Si paga in questo senso l’atteggiamento messianico, forse derivante proprio dall’eredità olivettiana, delle passate amministrazioni nei confronti delle grandi aziende, erroneamente considerate come unici possibili salvatori dal declino economico. Esempio eclatante la vicenda del possibile insediamento di Italvolt, risoltosi poi con un nulla di fatto nonostante le dichiarazioni fin troppo entusiastiche della politica locale.
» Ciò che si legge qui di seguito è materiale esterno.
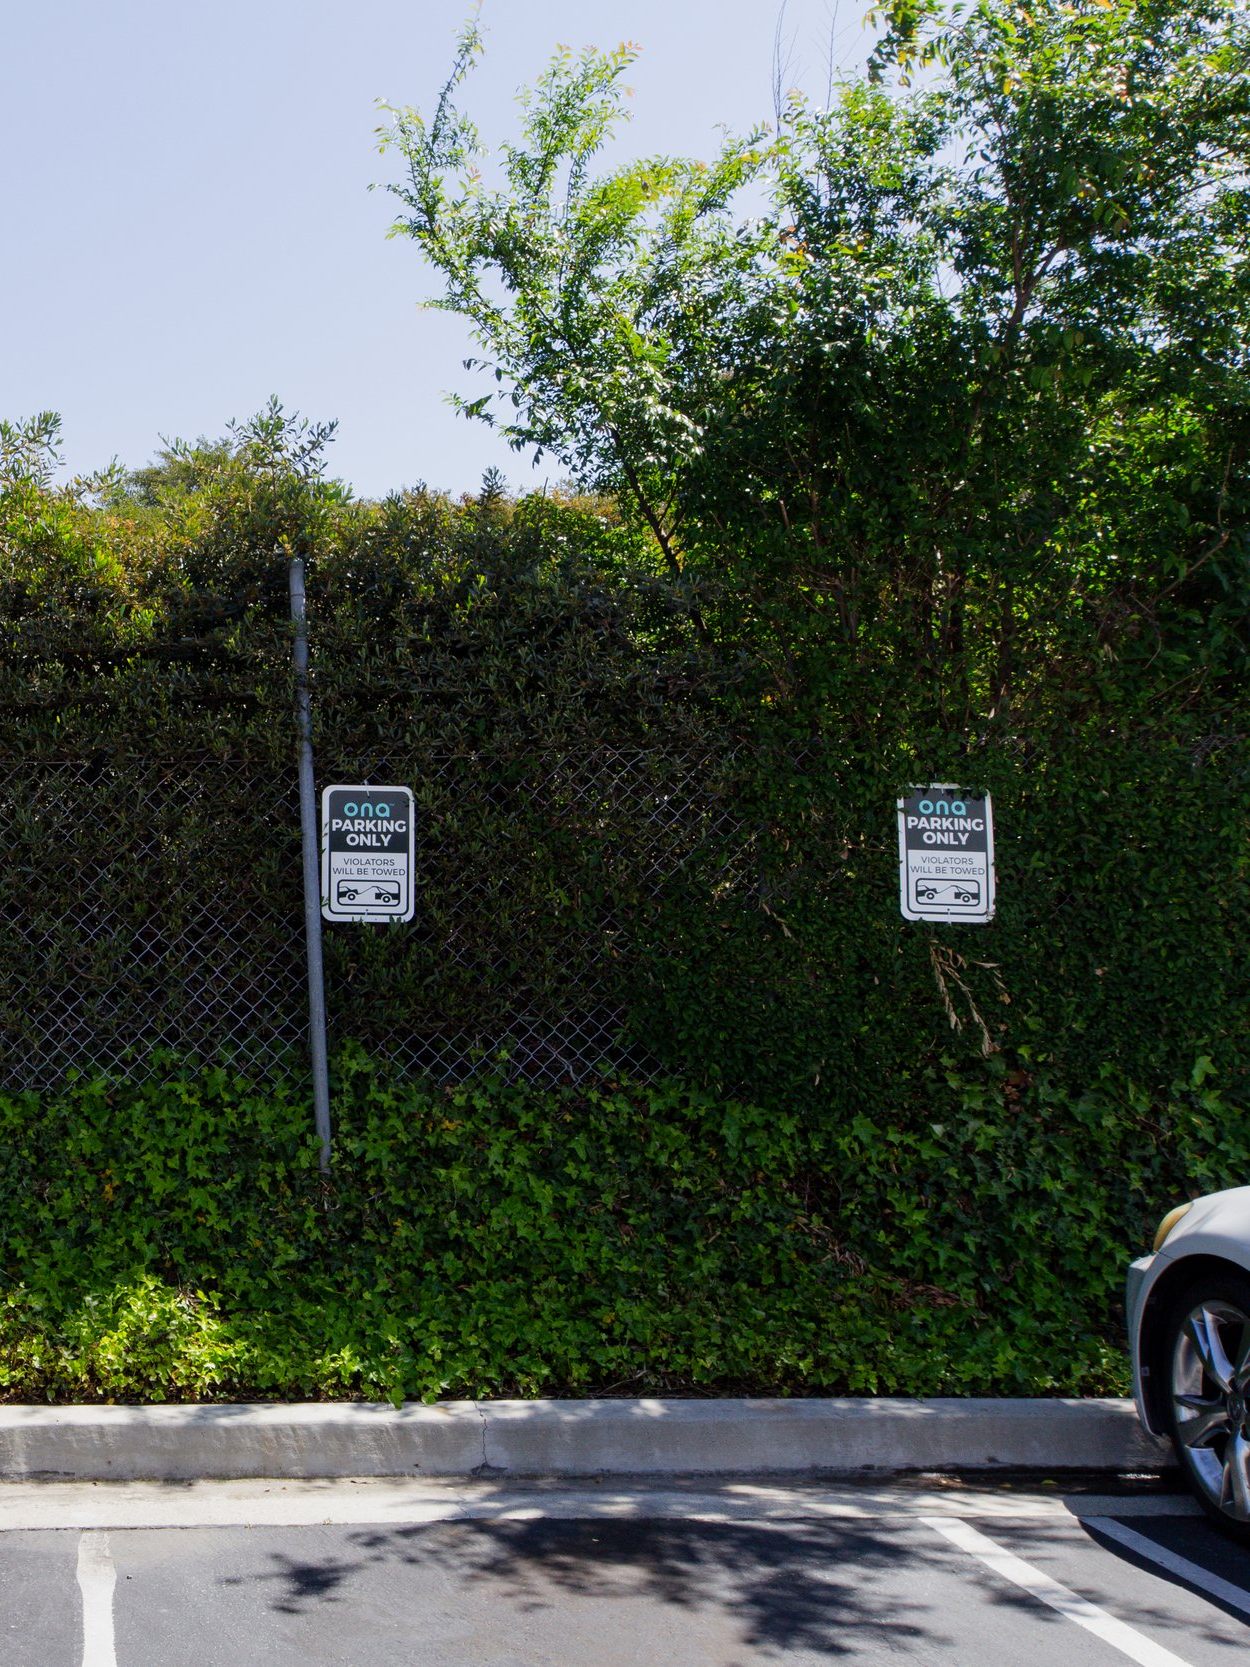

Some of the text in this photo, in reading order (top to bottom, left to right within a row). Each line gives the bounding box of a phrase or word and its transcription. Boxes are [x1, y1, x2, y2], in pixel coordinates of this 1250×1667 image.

[332, 819, 406, 833] PARKING
[907, 817, 984, 831] PARKING
[346, 834, 392, 847] ONLY
[923, 831, 969, 845] ONLY
[344, 858, 395, 866] VIOLATORS
[921, 856, 974, 865] VIOLATORS
[333, 867, 354, 875] WILL
[372, 868, 406, 876] TOWED
[910, 866, 932, 874] WILL
[950, 867, 985, 875] TOWED
Un atteggiamento che, nonostante la già dimostrata fallibilità, difficilmente verrà abbandonato dalla prossima amministrazione cittadina, di qualunque colore sarà.
Interventi e reazioni
Tra i primi a commentare la vicenda, il consigliere regionale PD Alberto Avetta: «Nel corso degli anni – dice – l’azienda ha spostato le risorse umane di più alto profilo nelle sedi lombarde del gruppo avviando di fatto un lento percorso deflattivo della qualità occupazionale in Piemonte. E’ assolutamente necessario percorrere ogni strada che possa scongiurare questi licenziamenti e al momento non pare esserci stato il necessario tentativo di mediazione istituzionale. Sarebbe opportuno avviare senza indugio un tavolo di crisi al quale far sedere i vertici aziendali, le organizzazioni sindacali ed anche i sindaci e gli amministratori dei territori coinvolti».
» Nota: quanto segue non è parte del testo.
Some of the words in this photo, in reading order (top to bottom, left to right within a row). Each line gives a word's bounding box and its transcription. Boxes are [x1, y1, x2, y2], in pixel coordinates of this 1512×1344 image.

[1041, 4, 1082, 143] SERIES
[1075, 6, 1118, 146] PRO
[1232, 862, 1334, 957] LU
Sul territorio eporediese, il candidato della coalizione di centro-sinistra Matteo Chiantore, rivolgendosi alla giunta, sprona per aprire un tavolo: «Mettendo da parte qualsiasi divisione dettata dalla campagna elettorale in corso. C’è la necessità di un tavolo di crisi che metta nsieme le organizzazioni sindacali , l’azienda e le istituzioni superiori».
Interviene in maniera più incisiva Unione Popolare, che della difesa del lavoro ha sempre fatto bandiera, con un comunicato firmato dalla locale portavoce e candidata sindaco Cadigia Perini, che invita alla mobilitazione e offre solidarietà ai lavoratori: «Bisogna bloccare questi ultimi tagli annunciati dall’azienda, serve una immediata reazione sindacale e la mobilitazione delle lavoratrici e dei lavoratori. Devono essere coinvolte le Regioni, e i ministeri del lavoro e delle imprese e del made in Italy: i lavoratori che si vogliono lasciare a casa fan tutto lavoro “in Italy”. Il governo deve fare un ragionamento su tutto il comparto delle telecomunicazioni, ragionamento mai avviato nemmeno dai precedenti governi.
Si è visto negli anni cosa ha portato la mancata mobilitazione – conclude Perini – Vodafone continua da 10 anni senza alcun ostacolo ad usare la forbice per conservare i profitti miliardari. Si è concesso di tutto: contratti di solidarietà, incentivazioni all’uscita, cessione di rami. E’ chiaro che va invertita la tendenza partendo dal rifiuto di ulteriori tagli. Unione Popolare esprime la propria solidarietà alle lavoratrici e ai lavoratori Vodafone della sede Ivrea e di tutta Italia e si mette a disposizione e sostegno delle mobilitazioni che auspica verranno organizzate quanto prima».